What was the Stolen Generations removal policy?
Answer
Government taking Aboriginal children from families for assimilation
Explanation
The Stolen Generations removal policy was the federal, state, and territory practice of removing Aboriginal and Torres Strait Islander children from their families and placing them in missions, institutions, or non-Aboriginal foster families. The practice operated between about 1910 and 1970, although specific cases continued later in some jurisdictions and the broader Aboriginal experience of child removal continues today in modified forms.
The 1997 Bringing Them Home report estimated that between one in three and one in ten Aboriginal and Torres Strait Islander children were removed from their families during the period, with the precise figure varying by region and decade. The total number of children removed is estimated at between 50,000 and 100,000 across the country. Removals happened under specific state and territory legislation (including the Aborigines Protection Act 1909 in NSW, the Aboriginals Ordinance 1918 in the NT, and equivalents in other jurisdictions) that gave Protectors of Aborigines, missions, and state child welfare authorities broad discretion to remove children.
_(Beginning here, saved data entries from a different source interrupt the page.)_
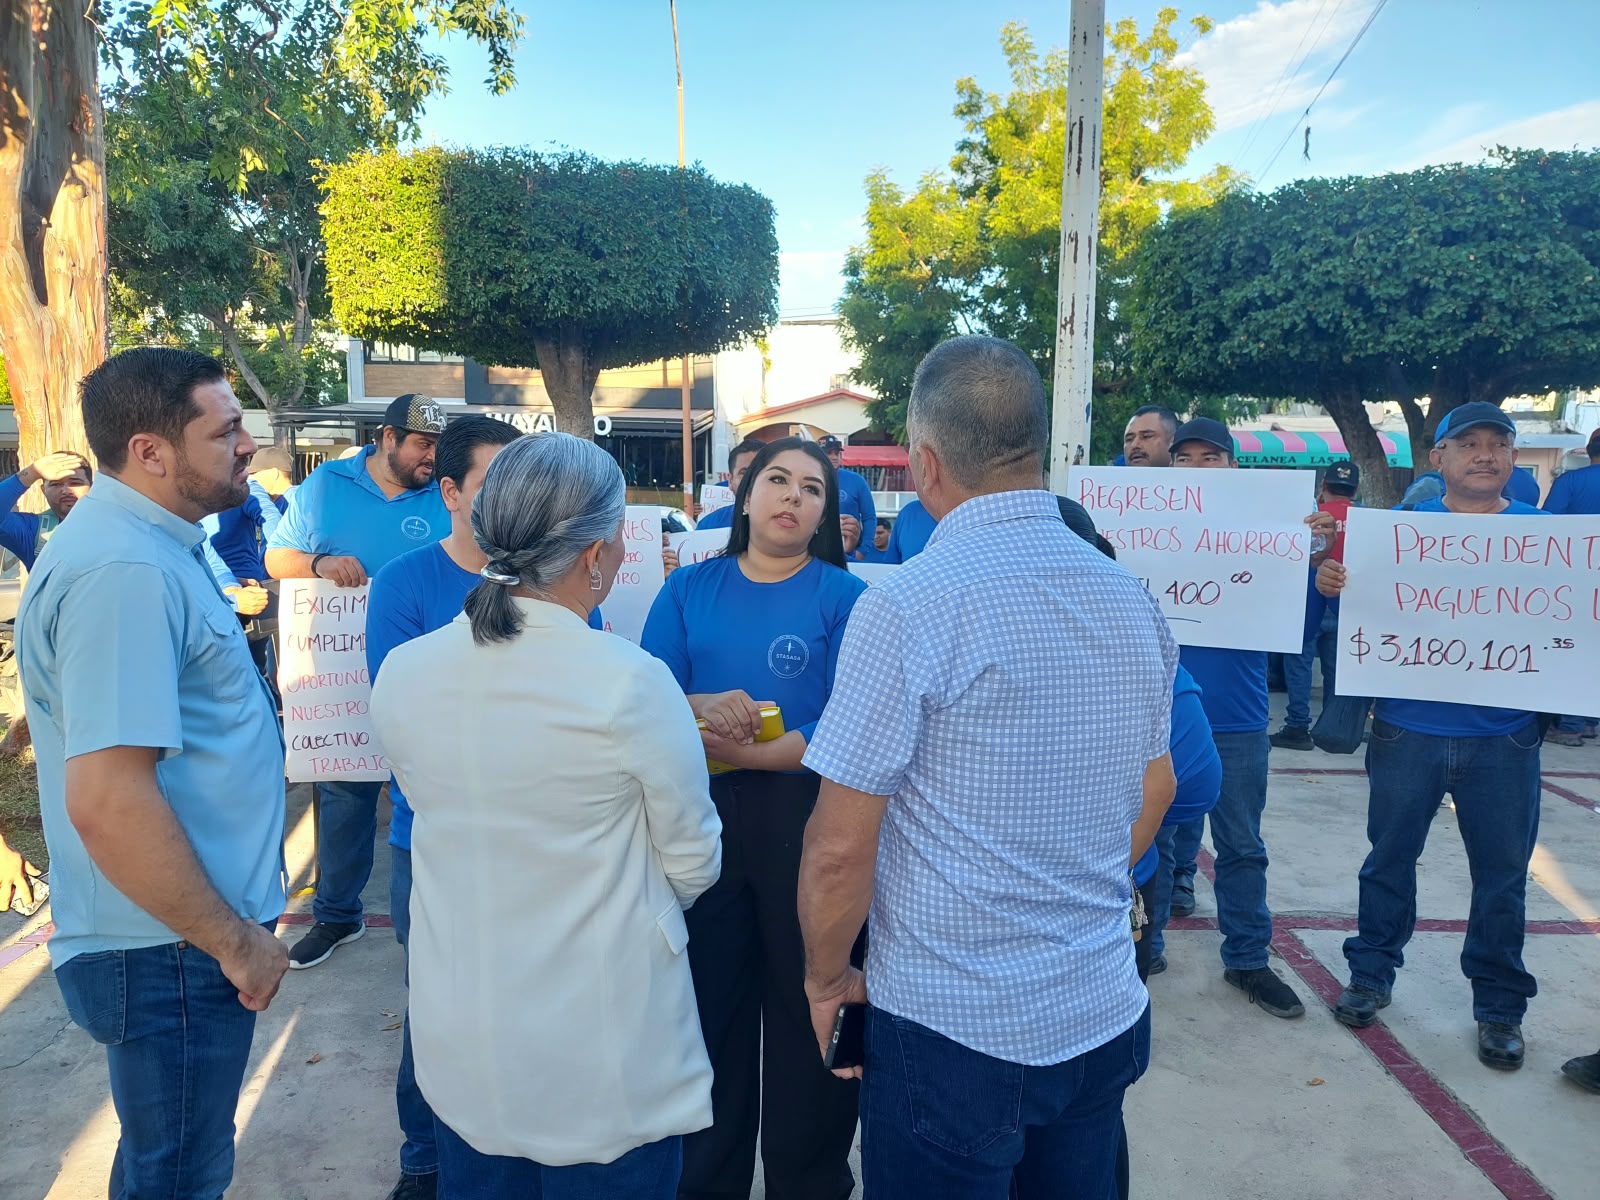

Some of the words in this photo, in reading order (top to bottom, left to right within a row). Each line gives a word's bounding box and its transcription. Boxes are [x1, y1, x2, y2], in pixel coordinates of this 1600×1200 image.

[1237, 455, 1297, 464] CELANEA
[1310, 456, 1334, 464] LAS
[1079, 478, 1203, 517] REGRESEN
[1101, 526, 1183, 552] ESTROS
[1194, 528, 1305, 562] AHORROS
[1393, 523, 1600, 570] PRESIDENT
[293, 588, 367, 622] EXIGIM
[1395, 582, 1573, 620] PAGUENOS
[291, 700, 369, 721] NUESTRO
[292, 731, 370, 751] COLECTIVO
The reasons given for removal varied. Children were taken supposedly for their welfare (in cases of neglect or abandonment, though sometimes with little evidence), for their education (in missions and institutions), or to be assimilated into white Australian society. Lighter-skinned children of mixed Aboriginal and European descent were particularly targeted under the explicit policy of biological absorption: the idea that they could be 'bred out' of Aboriginal identity within a few generations. A. O. Neville, Western Australia's long-serving Chief Protector from 1915 to 1936, was particularly explicit about this approach.
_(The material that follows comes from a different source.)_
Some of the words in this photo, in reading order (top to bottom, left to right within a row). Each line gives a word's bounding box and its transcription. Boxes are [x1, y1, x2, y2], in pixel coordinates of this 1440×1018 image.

The consequences for Aboriginal communities and for the individuals removed were devastating. Children lost contact with families, country, language, and culture. Many suffered physical, sexual, and emotional abuse in the institutions and foster homes where they were placed. Mental health, substance abuse, incarceration, and intergenerational trauma all continue at high rates among the survivors and their descendants. The Bringing Them Home report of 1997, the Stolen Generations Compensation Tribunal in some states, Prime Minister Kevin Rudd's National Apology of 13 February 2008, the Healing Foundation established in 2009, and various state-based reparation schemes have produced partial acknowledgement and redress, but campaigners continue to call for fuller compensation and ongoing support for Stolen Generations survivors and their descendants. National Sorry Day on 26 May commemorates the removed children each year.
Why this matters for your test
The Stolen Generations are one of the most painful chapters in Australian history, and recognising both the removal policy and the 2008 Apology is central to reconciliation.